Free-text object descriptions
╔══
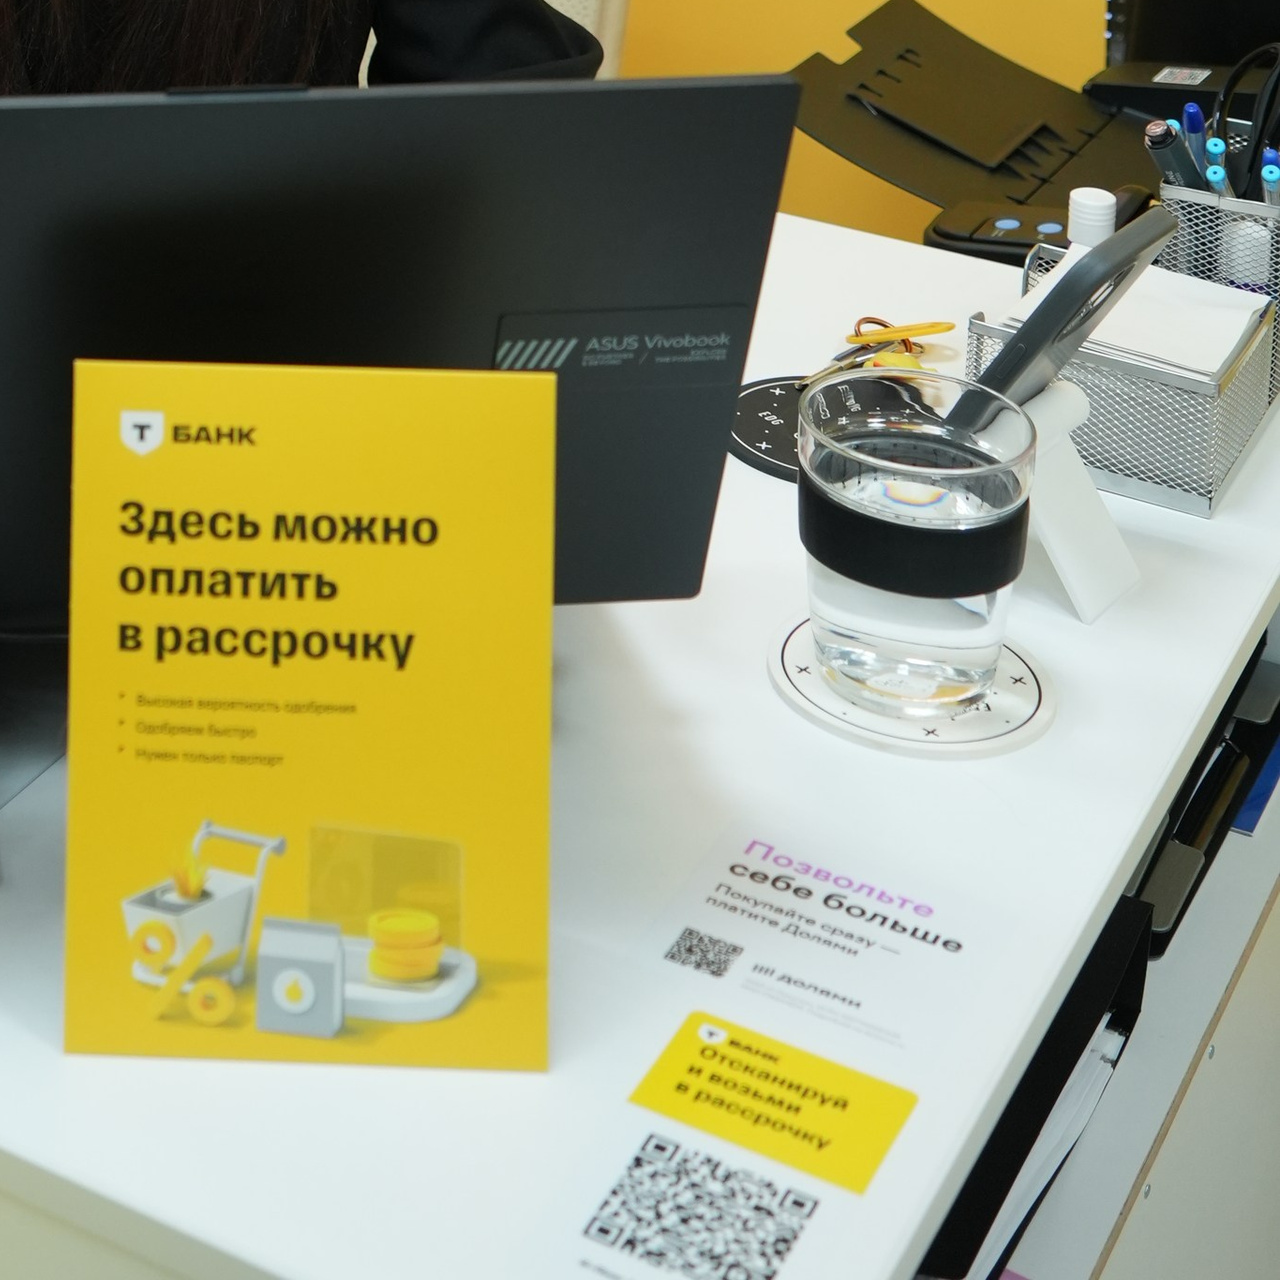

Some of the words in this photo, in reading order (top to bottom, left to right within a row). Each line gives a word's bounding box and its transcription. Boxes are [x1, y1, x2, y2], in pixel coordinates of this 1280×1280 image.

[586, 335, 640, 352] ASUS
[644, 332, 731, 349] Vivobook
[172, 424, 257, 446] БАНК
[120, 500, 261, 544] Здесь
[272, 512, 440, 546] можно
[119, 564, 339, 602] оплатить
[118, 624, 143, 652] в
[154, 623, 415, 672] рассрочку
[743, 839, 935, 918] Позвольте
[705, 896, 780, 927] платите
[781, 922, 859, 957] Долями
[715, 882, 817, 927] Покупайте
[820, 923, 877, 948] сразу
[728, 863, 814, 900] себе
[822, 892, 963, 953] больше
[777, 973, 862, 1009] долями
[687, 1064, 703, 1078] и
[708, 1072, 802, 1116] возьми
[700, 1045, 849, 1112] Отсканируй
[675, 1081, 690, 1095] в
[693, 1088, 832, 1151] рассрочку
╚══
EXERCISE PROMPT> Write out the data again word for word, minus any images.

SOLUTION TO THIS PROBLEM>
Some of the words in this photo, in reading order (top to bottom, left to right within a row). Each line gives a word's bounding box and its transcription. Boxes are [x1, y1, x2, y2], in pixel coordinates of this 1280×1280 image.

[586, 335, 640, 352] ASUS
[644, 332, 731, 349] Vivobook
[172, 424, 257, 446] БАНК
[120, 500, 261, 544] Здесь
[272, 512, 440, 546] можно
[119, 564, 339, 602] оплатить
[118, 624, 143, 652] в
[154, 623, 415, 672] рассрочку
[743, 839, 935, 918] Позвольте
[705, 896, 780, 927] платите
[781, 922, 859, 957] Долями
[715, 882, 817, 927] Покупайте
[820, 923, 877, 948] сразу
[728, 863, 814, 900] себе
[822, 892, 963, 953] больше
[777, 973, 862, 1009] долями
[687, 1064, 703, 1078] и
[708, 1072, 802, 1116] возьми
[700, 1045, 849, 1112] Отсканируй
[675, 1081, 690, 1095] в
[693, 1088, 832, 1151] рассрочку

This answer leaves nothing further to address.